Association between Different Polymorphic Markers and β-Thalassemia Intermedia in Central Iran.

β-Thalassemia intermedia (β-TI) is a clinical condition characterized by moderate, non transfusional anemia and hepatosplenomegaly. The main objective of this study was to determine the molecular basis of the clinical phenotype of β-TI in Iran. To elucidate the mild phenotype of many patients with β-TI, we screened for three prevalent β-globin gene mutations [IVS-II-1 (G>A) HBB : c.315+1G>A, IVS-I-110 (G>A) HBB : c.93-21G>A and IVS-I-5 (G>C) [ HBB : c.92+5G>C], deletions on the α-globin genes, Xmn I polymorphisms and restriction fragment length polymorphism (RFLP) haplotypes on the β-globin gene cluster in 50 β-TI patients.

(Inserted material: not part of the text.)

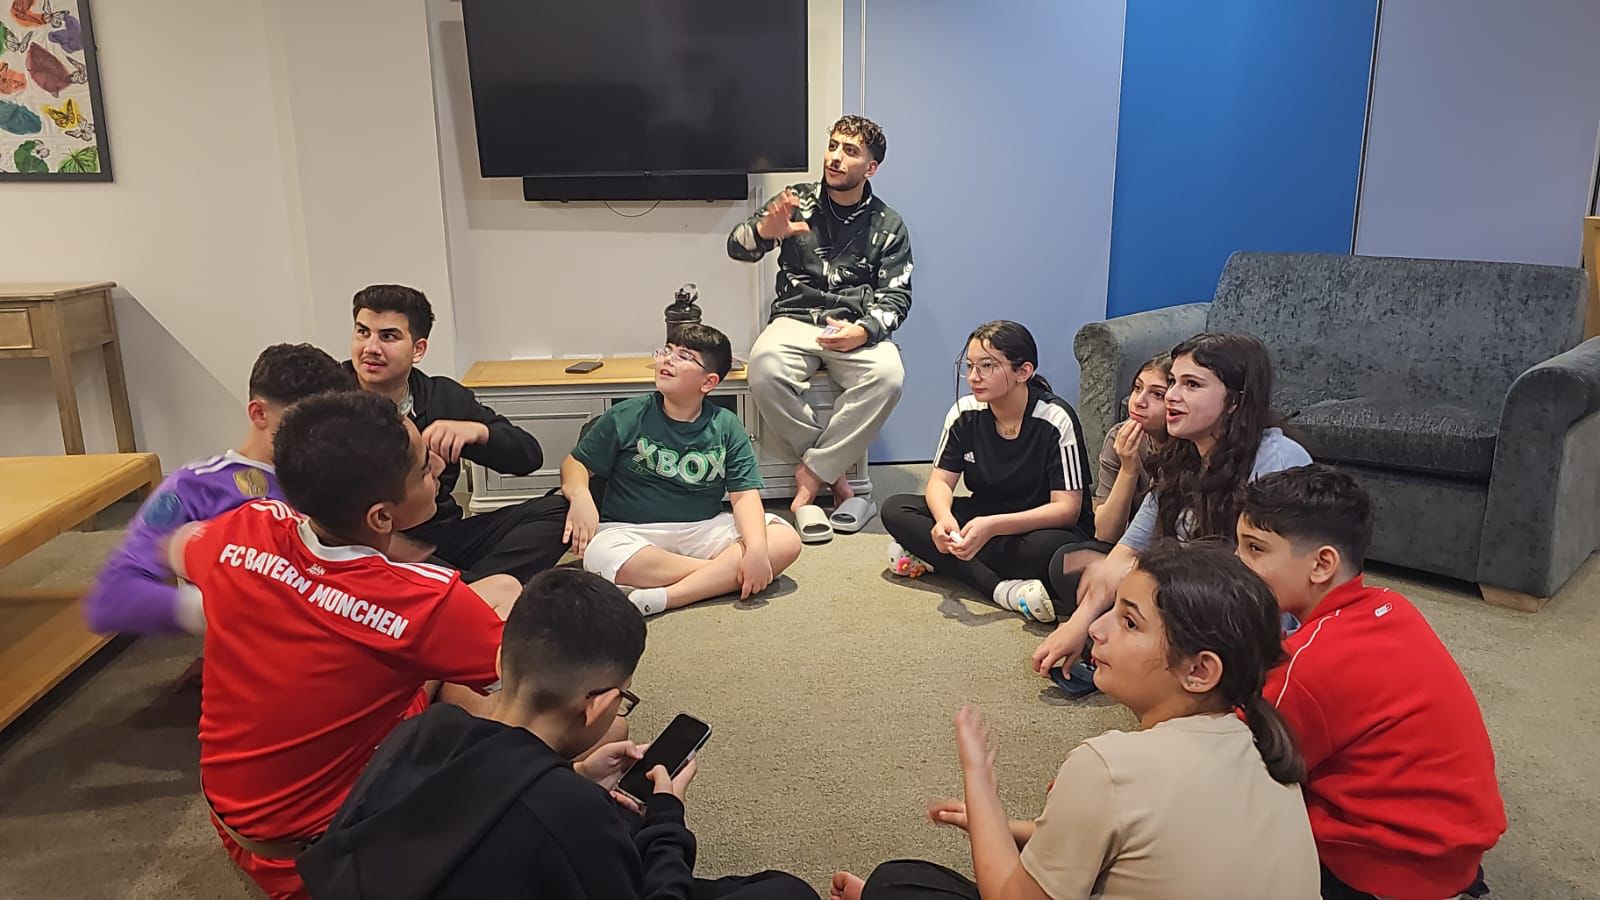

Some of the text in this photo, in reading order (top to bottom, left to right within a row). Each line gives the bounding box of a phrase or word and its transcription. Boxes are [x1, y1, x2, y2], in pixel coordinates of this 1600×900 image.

[632, 437, 726, 484] XBOX
[219, 543, 409, 639] FC BAYERN MÜNCHEN

Fifty-eight percent of the patients (29 cases) were associated with the mentioned mutations. We showed that the HBB : c.315+1G>A mutation is linked to haplotype [+ - + +] (57.69%). This haplotype is in linkage disequilibrium with the Xmn I polymorphism (NG_000007.3: g.42677C>T) and has been associated with increased expression of Hb F in β-TI patients. The Xmn I polymorphism is defined in association with this prevalent mutation. Two patients had a single α-globin gene deletion [-α ^3.7 (rightward) deletion]. The main genetic factor in mild phenotype β-TI patients is the linkage of an Xmn I polymorphism (NG_000007.3: g.42677C>T) with the HBB : c.315+1G>A (80.76%), which is associated with increased production of Hb F and coinheritance of haplotype [+ - + +] with β-TI, especially with the homozygous HBB : c.315+1G>A mutation. Molecular basis of β-TI could be explained by the involvement of different factors that tend to develop the disease phenotype.